50 ans après . Que reste- t-il d'Aléria ? N°8
ALERIA ..... et puis
Aleria, 22 août 1975, le jour où la Corse a dit Non
L’histoire d’une Nation s’écrit parfois sur des rendez-vous auxquels nul ne s’attendait, de ces instants de réalité qui marquent à jamais un peuple dans son imaginaire.La résilience de quelques-uns qui refusent l’injustice, et qui, au nom de tous, réclament le droit légitime d’exister, et non de survivre.

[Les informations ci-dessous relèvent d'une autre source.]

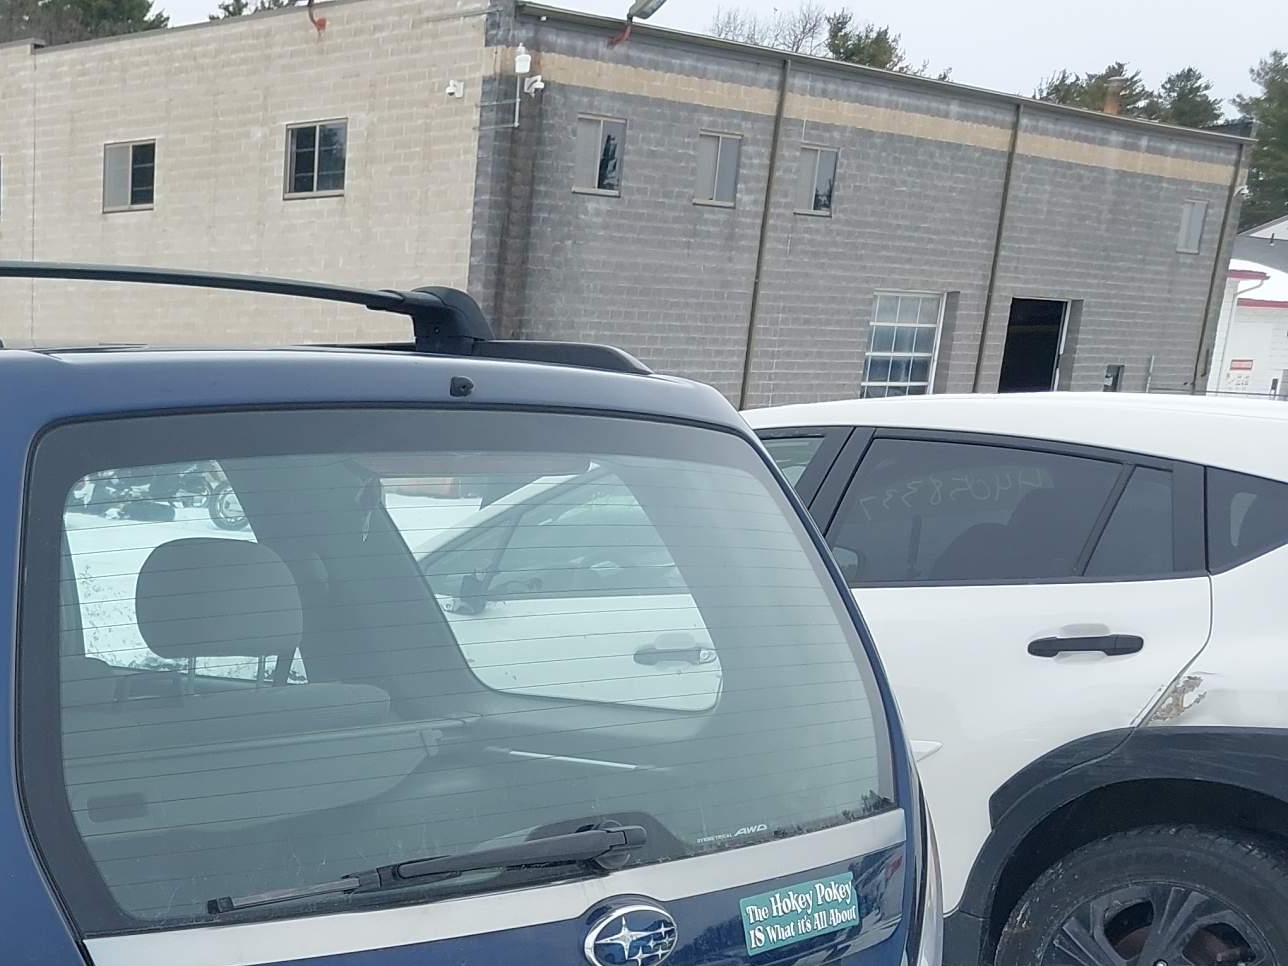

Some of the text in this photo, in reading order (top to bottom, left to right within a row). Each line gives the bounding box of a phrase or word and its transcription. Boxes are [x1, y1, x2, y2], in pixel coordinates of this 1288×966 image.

[734, 824, 768, 837] AWD
[746, 880, 853, 924] The Hokey Pokey
[749, 905, 857, 949] IS What it's All About
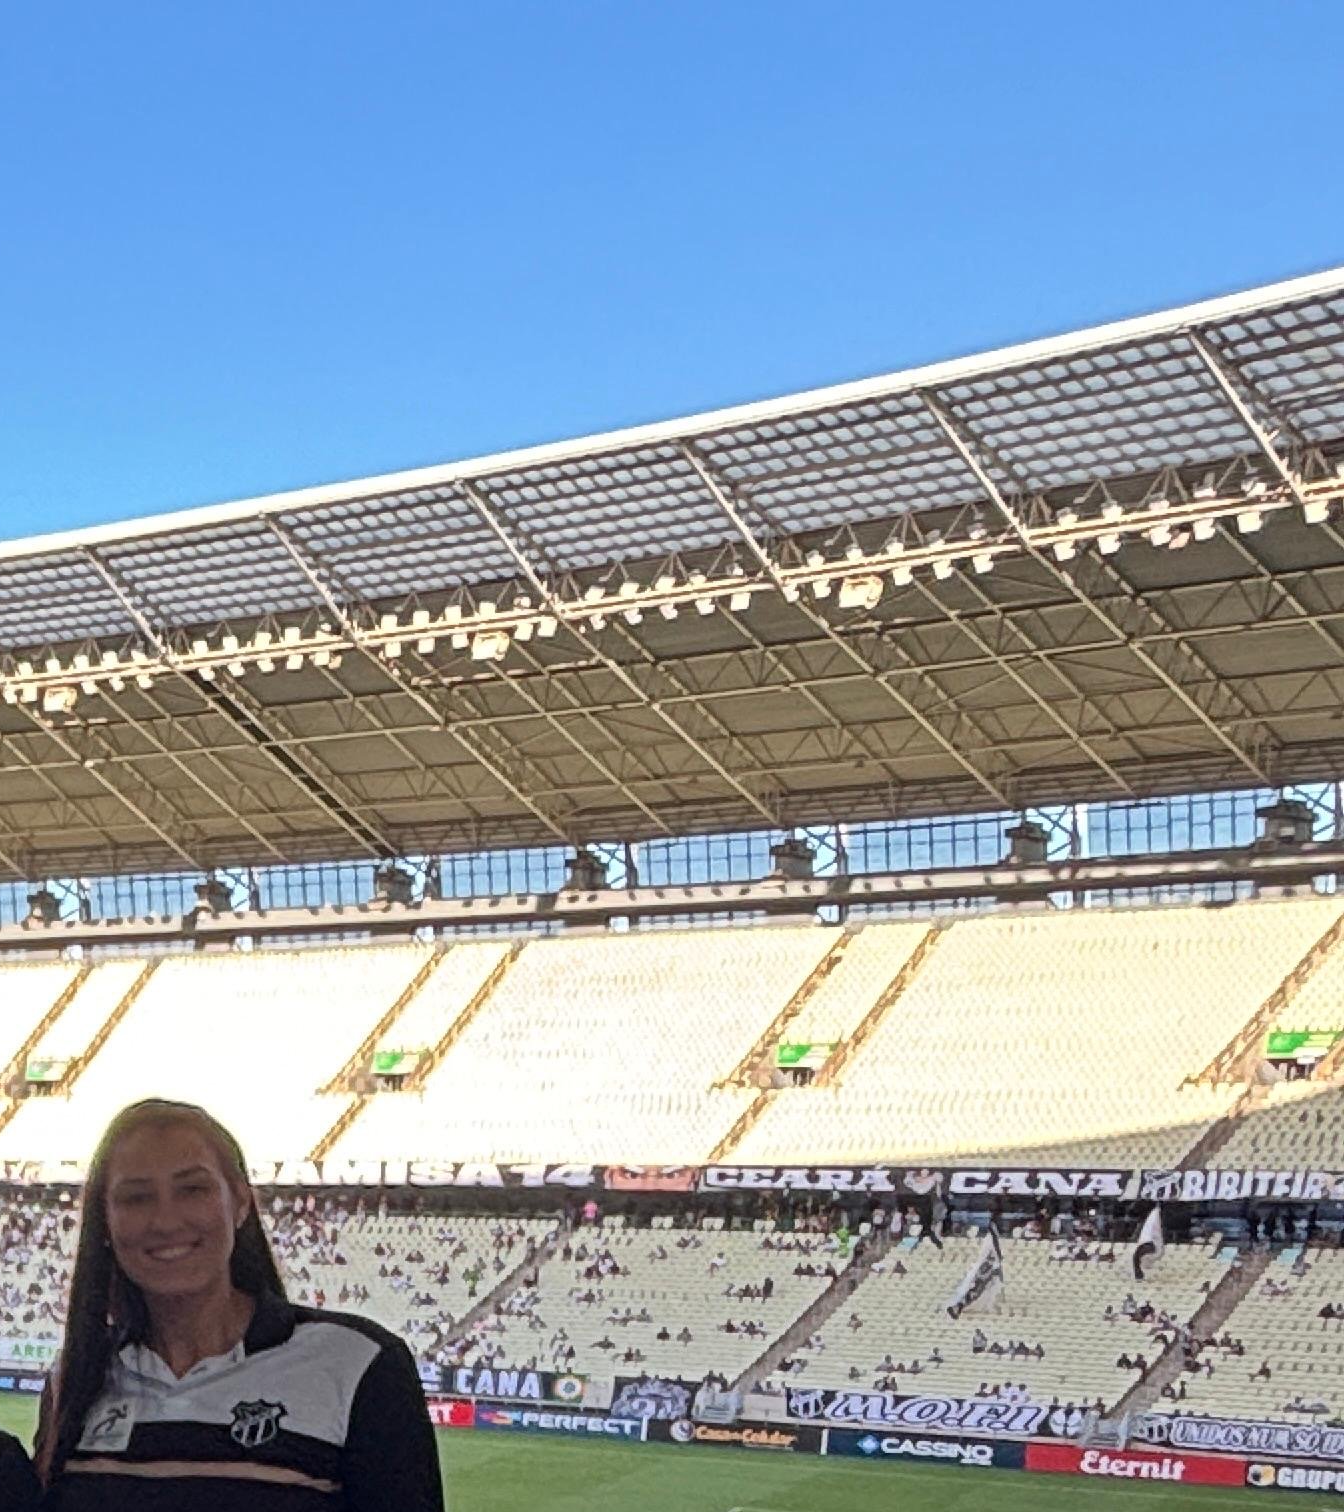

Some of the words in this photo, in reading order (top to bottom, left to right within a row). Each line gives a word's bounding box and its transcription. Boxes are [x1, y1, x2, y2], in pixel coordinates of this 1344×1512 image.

[706, 1163, 895, 1191] CEARÁ
[949, 1170, 1123, 1196] CANA
[456, 1368, 542, 1398] CANA
[521, 1411, 642, 1435] PERFECT
[880, 1437, 994, 1460] CASSINO
[1080, 1450, 1186, 1480] Eternit
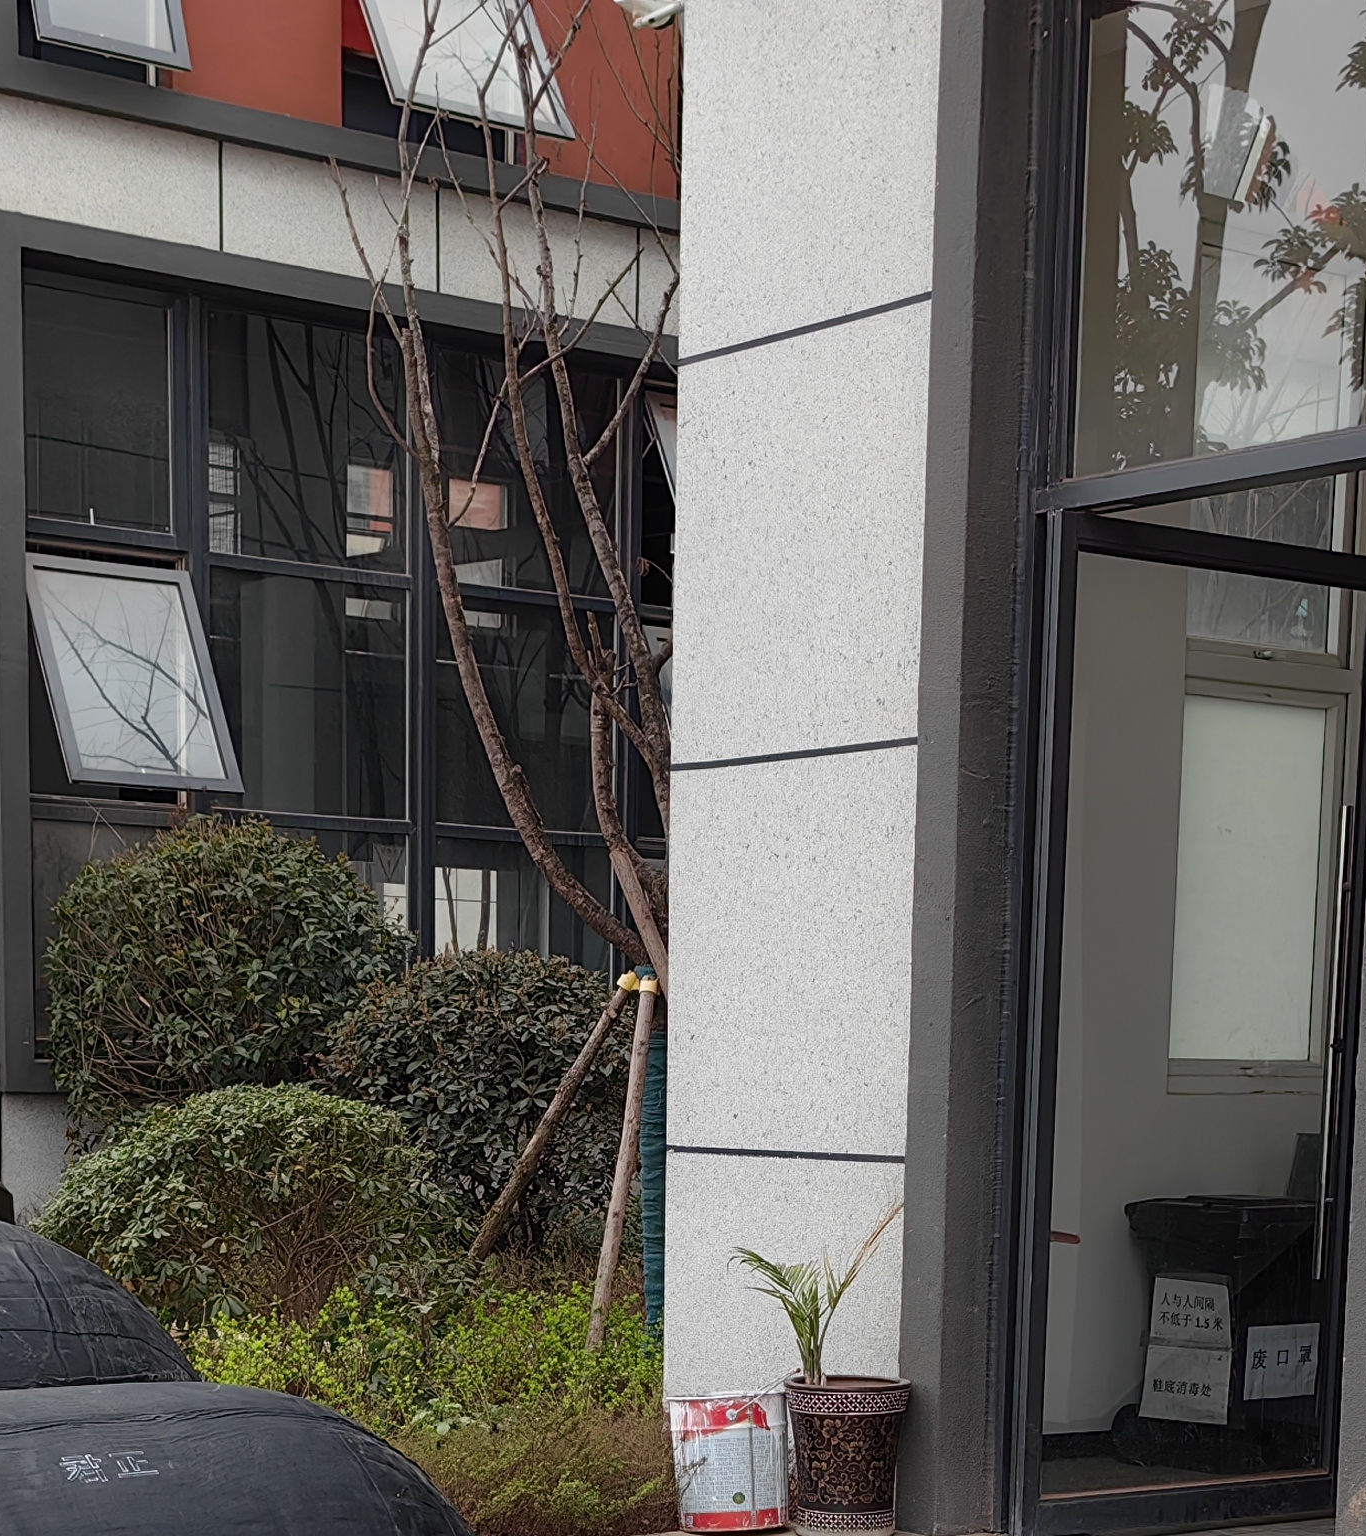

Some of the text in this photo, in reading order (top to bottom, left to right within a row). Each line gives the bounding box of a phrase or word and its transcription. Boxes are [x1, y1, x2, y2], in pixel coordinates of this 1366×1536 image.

[1159, 1291, 1216, 1312] 人与人间隔
[1152, 1378, 1213, 1398] 鞋底消毒处
[59, 1450, 160, 1484] 君正

Le 22 août 1975, à Aleria, ce moment a eu lieu, comme un acte de rupture, un acte de vérité. Ce jour-là, la Corse a dit NON, et l’onde de choc traversa la France entière. Non à la domination, Non à l’humiliation, Non à la colonisation intérieure que l’État français faisait peser sur cette terre depuis deux siècles. Mais Aleria, ce n’est pas forcément, ce que l’on a voulu lui faire dire dans l’histoire, car c’est avant tout une ligne de feu médiatique. Ce jour-là, un petit groupe d’hommes armés de simples fusils de chasse, a pris possession d’une cave viticole tenue par un pied-noir, sous la protection tacite de l’État. Au-delà du cas particulier, ils voulaient dénoncer un système, une économie pervertie, une justice à deux vitesses, un peuple écrasé sous les intérêts extérieurs. Et cette occupation pacifique a suffi pour déclencher la rage de Paris. Ce que la France a envoyé en réponse, ce n’est pas une délégation, ce n’est pas une table de négociation, ce sont 600 gendarmes armés comme pour une guerre. Des hélicoptères, des blindés, des soldats en uniforme prêts à tirer sur des hommes du peuple, des Corses, chez eux, devenus de véritables cibles, pour la seule volonté d’un état voulant conserver sa base. Au fond des regards d’Aleria, ce jour-là, il n’y avait ni peur, ni soumission. Il y avait la dignité. Une dignité que la France avait voulu enterrer sous des décennies de mépris, d’assistanat, d’effacement culturel. Mais une dignité qui a résisté, et qui a fini par exploser. Aleria, c’est le cri d’un peuple que l’on pensait mort. C’est le coup de poing sur la table d’une nation qu’on voulait oublier. Car oui, ces évènements marquent l’avènement du nationalisme corse moderne, aux yeux de tous, pourtant ils n’en sont pas fondateurs.
De A Muvra au FLNC
Des initiatives corsistes et autonomistes apparaissent dès 1914, et dans les années 1920, le mouvement A Muvra se développe, mais il succombe de ses amitiés irrédentistes. Au début des années 1960, les mouvements régionalistes sont à l’origine d’un important renouveau de la langue corse, et d’un travail identitaire et culturel. Les mouvements étudiants corses structurent déjà une idéologie sur la protection de la terre, et la réouverture de l’Université de Corti. A la signature des accords d’Évian, en 1962, la France orienta près de 20 000 pieds-noirs en exil, vers la Corse, où ils bénéficieront de subventions substantielles de l’Etat. L’Action Régionaliste Corse créée à la fin des années 1960 et porte alors des revendications identitaires fortes et claires. En parallèle, la lutte armée se structure dès 1973, avec un premier évènement de rupture, le plasticage du bateau italien responsable du déversement des « boues rouges » source de pollution au large du Cap Corse, site naturel, donnant écho à la mobilisation de masse. La suite, nous la connaissons. Le FLNC naît en 1976. Les années de lutte armée, de clandestinité, d’arrestations, de mensonges d’État. Et pendant ce temps, Paris continue d’acheter les consciences, de diviser, d’infiltrer, de menacer.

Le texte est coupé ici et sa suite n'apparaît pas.